宇宙

2023.07.21 14:00

謎の「停滞」がなければ地球の1日は60時間だった

2億年後には地球において1日の長さが25時間になるはずだ(Getty Images)

地球の1日は長くなっている。月の引力が地球の海を引っ張り、長い時間をかけて自転を遅くしているため、2億年後には1日の長さが25時間になるはずだ。

しかし、もし約6億年前に終わった謎の停滞がなければ、1日はすでに60時間になっていただろうと学術誌『Science Advances』に掲載された最新論文では述べられている。

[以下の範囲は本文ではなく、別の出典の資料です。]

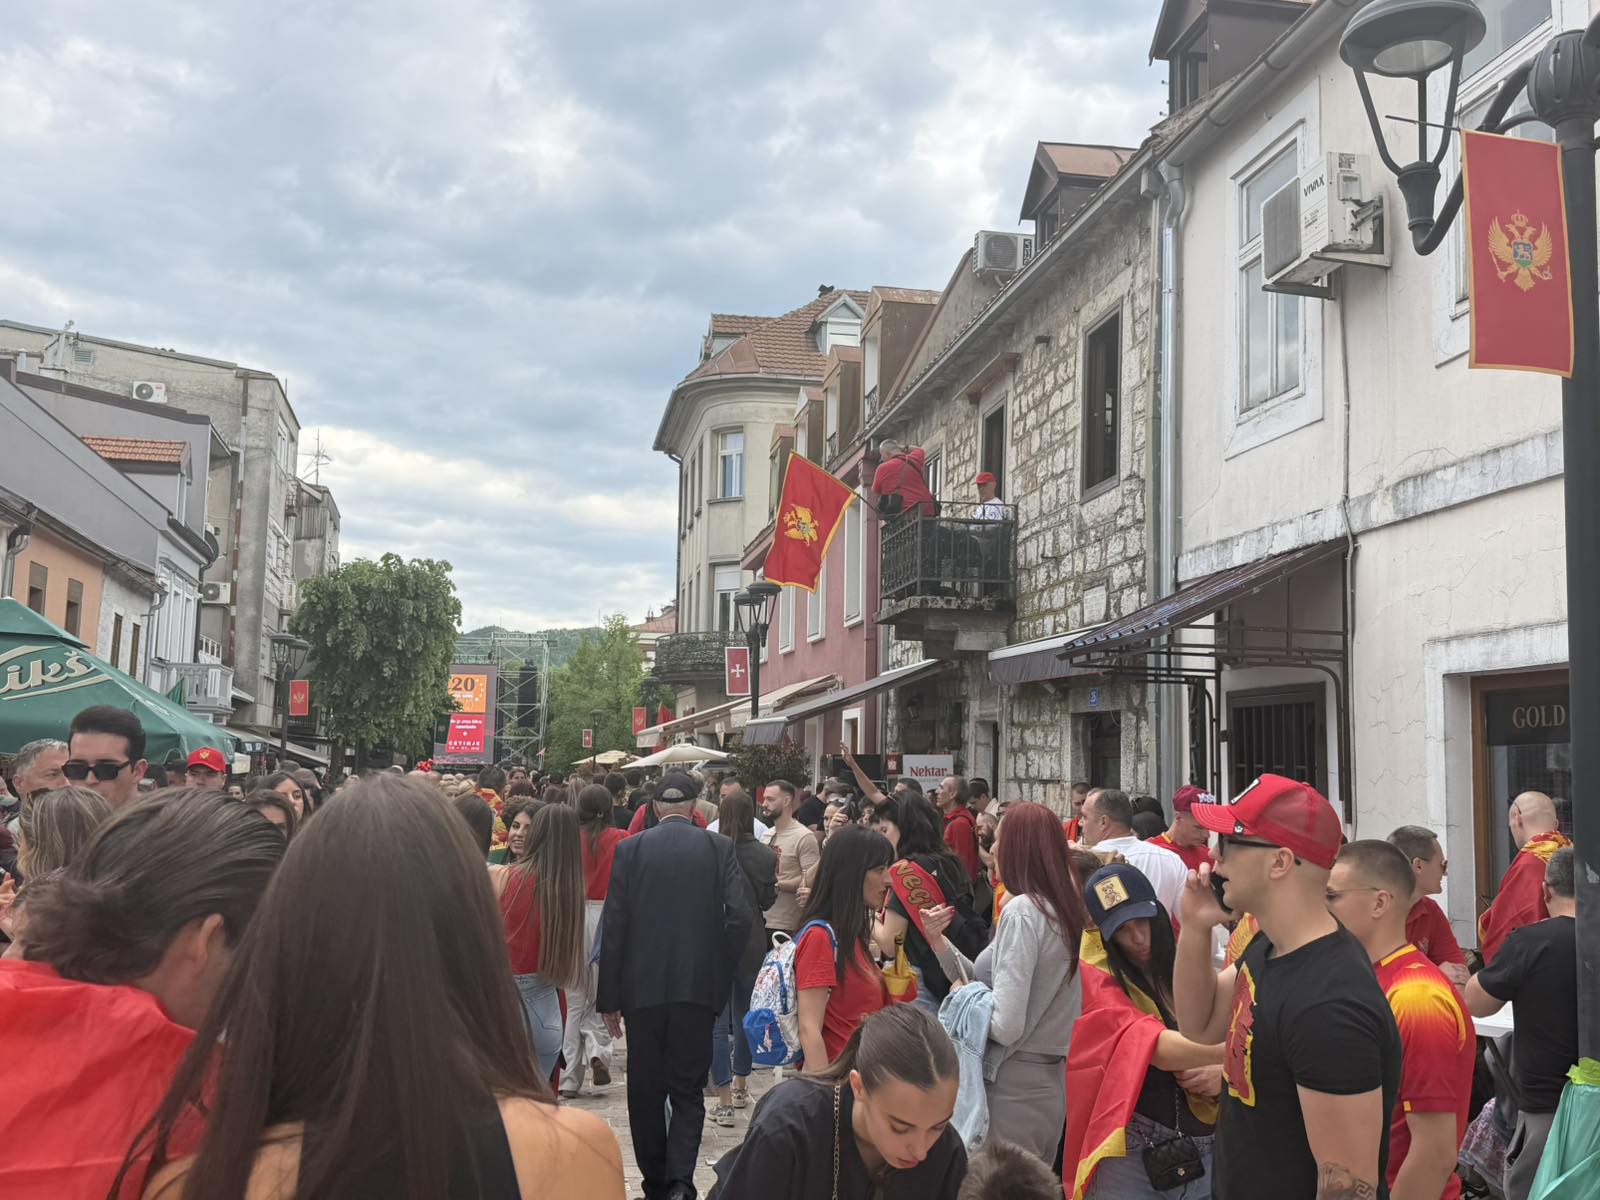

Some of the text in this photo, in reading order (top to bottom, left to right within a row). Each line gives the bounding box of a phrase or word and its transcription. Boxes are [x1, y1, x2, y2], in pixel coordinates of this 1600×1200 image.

地球が本来よりも速く自転しているというささいな出来事はあるが、月は年に3.8cmずつ徐々に遠ざかっているため、非常に長い目で見れば1日は長くなっていく。現在地球の1日は、1世紀に約1.7ミリ秒ずつ長くなっている。

今回発表された研究によると、地球は14億年間、一定速度で自転し、1日の長さは19.5時間で変わらなかった。45億年前に初めて形成された時、月は今よりずっと地球に近くに存在し、地球の1日は約10時間だった。

自転速度の変化が停滞した理由は、月の影響(地球の自転速度を決定する最も重要な因子)と、太陽が及ぼす潮汐への影響(地球の自転を速める)との自然共鳴(釣り合い)だ。地球の大気で起きる熱潮汐波は太陽光によって引き起こされる。

月が地球の海を引っ張り、その結果できた海の膨らみ(波)が摩擦を起こして自転を遅くする一方「太陽光も大気潮汐を引き起こして同じような膨らみを作ります」とトロント大学カナダ理論天体物理学研究所(CITA)の理論天体物理学者であるノーマン・マレーはいう。「太陽の引力がその大気の膨らみを引っ張り、地球に回転力を与えます。ただし、月のように自転を遅くするのではなく、自転を速めます」

研究チームが発見した数十億年前に起きた自然共鳴は、地球の温暖な大気が太陽の大気潮汐を増幅したためだと、彼らは考えている。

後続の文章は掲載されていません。